We Get What We Pay For
I bet everybody who lives in Tillamook County knows friends, family, or neighbors who have either traveled hours and miles into the valley for health care or have moved somewhere else to get the health care they need. Or maybe it’s your own sweet self, driving the 26 to Portland to see a doctor or get health care that’s unavailable to you here. That’s me, and a whole bunch of other people I know.
On Sunday I went to NCRD to listen to Marc Johnson and Gail Nelson speak about the health bond on the ballot, May 16.
Here’s where we are with health care in north Tillamook County right now and without significant investment the picture is pretty bleak.

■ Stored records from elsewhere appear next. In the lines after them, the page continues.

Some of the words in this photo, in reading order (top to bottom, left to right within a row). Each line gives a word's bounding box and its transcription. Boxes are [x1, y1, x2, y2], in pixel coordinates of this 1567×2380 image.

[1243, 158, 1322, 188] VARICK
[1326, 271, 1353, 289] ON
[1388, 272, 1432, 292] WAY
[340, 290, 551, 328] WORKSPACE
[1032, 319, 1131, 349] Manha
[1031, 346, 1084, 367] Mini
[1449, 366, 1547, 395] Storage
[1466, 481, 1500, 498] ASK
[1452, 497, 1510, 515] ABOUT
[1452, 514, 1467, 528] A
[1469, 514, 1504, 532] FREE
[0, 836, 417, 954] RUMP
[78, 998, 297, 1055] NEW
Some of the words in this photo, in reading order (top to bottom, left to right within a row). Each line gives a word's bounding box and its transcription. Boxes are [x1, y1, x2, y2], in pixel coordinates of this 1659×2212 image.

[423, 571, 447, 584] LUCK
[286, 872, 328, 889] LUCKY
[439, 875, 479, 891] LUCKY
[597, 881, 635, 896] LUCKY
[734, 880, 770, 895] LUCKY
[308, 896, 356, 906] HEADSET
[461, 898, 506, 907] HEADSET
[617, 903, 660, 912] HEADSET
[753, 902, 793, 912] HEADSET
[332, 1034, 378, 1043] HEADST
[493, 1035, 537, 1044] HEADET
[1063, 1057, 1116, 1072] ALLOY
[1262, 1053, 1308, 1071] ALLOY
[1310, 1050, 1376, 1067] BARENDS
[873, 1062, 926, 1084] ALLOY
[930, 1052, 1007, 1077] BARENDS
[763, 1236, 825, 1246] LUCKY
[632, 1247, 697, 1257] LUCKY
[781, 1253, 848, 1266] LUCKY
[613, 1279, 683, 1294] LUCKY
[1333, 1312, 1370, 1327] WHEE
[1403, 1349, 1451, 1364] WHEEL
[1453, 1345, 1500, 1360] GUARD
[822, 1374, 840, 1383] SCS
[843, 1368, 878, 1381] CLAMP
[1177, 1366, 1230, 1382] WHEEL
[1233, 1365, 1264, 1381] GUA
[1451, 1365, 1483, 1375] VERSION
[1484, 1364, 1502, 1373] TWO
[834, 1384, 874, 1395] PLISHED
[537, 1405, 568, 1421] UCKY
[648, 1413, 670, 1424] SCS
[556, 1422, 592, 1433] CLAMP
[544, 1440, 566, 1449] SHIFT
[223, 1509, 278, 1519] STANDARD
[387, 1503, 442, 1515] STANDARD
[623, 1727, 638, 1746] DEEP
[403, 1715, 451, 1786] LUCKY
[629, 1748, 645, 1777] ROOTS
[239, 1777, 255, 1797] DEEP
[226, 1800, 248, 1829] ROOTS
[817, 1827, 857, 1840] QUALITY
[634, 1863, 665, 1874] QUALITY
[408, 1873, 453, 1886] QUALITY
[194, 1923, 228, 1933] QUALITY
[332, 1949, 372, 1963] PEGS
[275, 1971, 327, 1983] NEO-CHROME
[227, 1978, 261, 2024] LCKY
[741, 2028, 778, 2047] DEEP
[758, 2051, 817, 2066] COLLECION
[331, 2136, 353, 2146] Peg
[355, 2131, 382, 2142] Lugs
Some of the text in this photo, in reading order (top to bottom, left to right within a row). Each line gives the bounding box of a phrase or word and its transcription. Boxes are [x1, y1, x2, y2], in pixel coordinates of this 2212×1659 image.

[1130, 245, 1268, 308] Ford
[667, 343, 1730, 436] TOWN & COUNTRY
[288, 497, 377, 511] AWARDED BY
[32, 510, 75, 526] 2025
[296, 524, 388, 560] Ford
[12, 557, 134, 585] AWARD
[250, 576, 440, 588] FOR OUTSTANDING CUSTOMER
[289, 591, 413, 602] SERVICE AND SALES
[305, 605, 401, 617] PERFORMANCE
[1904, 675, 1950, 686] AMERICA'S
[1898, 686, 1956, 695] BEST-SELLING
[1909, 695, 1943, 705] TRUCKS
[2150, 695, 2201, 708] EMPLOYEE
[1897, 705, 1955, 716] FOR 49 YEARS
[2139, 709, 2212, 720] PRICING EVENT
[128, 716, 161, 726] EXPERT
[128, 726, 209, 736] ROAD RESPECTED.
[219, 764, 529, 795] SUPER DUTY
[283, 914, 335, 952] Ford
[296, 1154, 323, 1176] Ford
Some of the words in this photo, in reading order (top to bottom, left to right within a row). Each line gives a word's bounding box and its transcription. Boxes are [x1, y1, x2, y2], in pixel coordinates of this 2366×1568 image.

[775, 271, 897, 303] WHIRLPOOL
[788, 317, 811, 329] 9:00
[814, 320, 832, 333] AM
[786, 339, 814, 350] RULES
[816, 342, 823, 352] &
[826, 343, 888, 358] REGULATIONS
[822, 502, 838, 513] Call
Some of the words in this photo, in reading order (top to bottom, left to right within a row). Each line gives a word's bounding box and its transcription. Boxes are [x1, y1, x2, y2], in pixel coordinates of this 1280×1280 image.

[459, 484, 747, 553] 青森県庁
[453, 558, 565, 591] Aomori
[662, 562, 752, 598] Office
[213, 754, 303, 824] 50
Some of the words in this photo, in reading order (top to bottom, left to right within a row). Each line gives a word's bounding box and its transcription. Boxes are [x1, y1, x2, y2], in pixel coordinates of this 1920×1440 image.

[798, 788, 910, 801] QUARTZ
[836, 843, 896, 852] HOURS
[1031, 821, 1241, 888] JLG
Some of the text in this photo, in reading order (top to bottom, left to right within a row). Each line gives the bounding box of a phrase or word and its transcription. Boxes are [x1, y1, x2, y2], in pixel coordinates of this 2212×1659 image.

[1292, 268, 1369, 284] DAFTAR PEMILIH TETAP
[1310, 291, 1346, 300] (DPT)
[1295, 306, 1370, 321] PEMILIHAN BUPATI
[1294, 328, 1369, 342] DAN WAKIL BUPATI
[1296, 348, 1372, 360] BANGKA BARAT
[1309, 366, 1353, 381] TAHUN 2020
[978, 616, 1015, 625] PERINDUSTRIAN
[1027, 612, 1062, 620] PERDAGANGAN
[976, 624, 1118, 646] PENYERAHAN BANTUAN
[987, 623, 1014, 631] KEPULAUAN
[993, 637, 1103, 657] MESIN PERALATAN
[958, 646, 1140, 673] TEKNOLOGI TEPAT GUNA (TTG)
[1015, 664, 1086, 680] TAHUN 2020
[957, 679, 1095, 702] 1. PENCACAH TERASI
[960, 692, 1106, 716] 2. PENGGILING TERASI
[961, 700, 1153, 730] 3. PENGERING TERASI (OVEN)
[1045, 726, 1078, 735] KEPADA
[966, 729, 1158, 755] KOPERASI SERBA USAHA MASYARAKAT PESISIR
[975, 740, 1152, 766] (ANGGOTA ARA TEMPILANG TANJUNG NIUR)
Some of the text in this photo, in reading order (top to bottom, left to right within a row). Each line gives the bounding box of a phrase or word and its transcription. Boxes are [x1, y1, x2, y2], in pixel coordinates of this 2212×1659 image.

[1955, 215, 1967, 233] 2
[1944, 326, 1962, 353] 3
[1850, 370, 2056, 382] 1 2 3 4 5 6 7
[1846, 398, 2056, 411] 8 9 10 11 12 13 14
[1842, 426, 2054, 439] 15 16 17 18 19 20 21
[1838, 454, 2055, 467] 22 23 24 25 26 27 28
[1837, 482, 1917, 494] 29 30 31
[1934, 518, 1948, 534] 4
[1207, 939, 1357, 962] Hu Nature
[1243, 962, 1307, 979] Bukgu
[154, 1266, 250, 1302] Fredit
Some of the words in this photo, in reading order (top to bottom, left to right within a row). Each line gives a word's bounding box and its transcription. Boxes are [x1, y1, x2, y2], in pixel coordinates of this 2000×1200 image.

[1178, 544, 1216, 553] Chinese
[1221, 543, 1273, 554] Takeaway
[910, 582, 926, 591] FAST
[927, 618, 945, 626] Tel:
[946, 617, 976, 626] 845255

The clinic in Wheeler has 1.5 exam rooms per provider. The general standard in patient clinics is 3 rooms per provider. This means longer waits to get an appointment or to see a provider once you do. There aren’t the specialists here that an aging population could use like rheumatologists, cardiologists, neurologists and oncologists. There’s not even a dentist.
Two local long-term homes closed recently but not for lack of patients. For folks requiring skilled nursing care, no beds available means leaving the place you’ve called home for years or maybe a lifetime, to move away from friends and community when you really need your people for support.
There isn’t affordable housing for our health care work force. Not for doctors, not for skilled nurses and definitely not for the folks who do the grunt work of health care like certified nursing assistants or medical assistants.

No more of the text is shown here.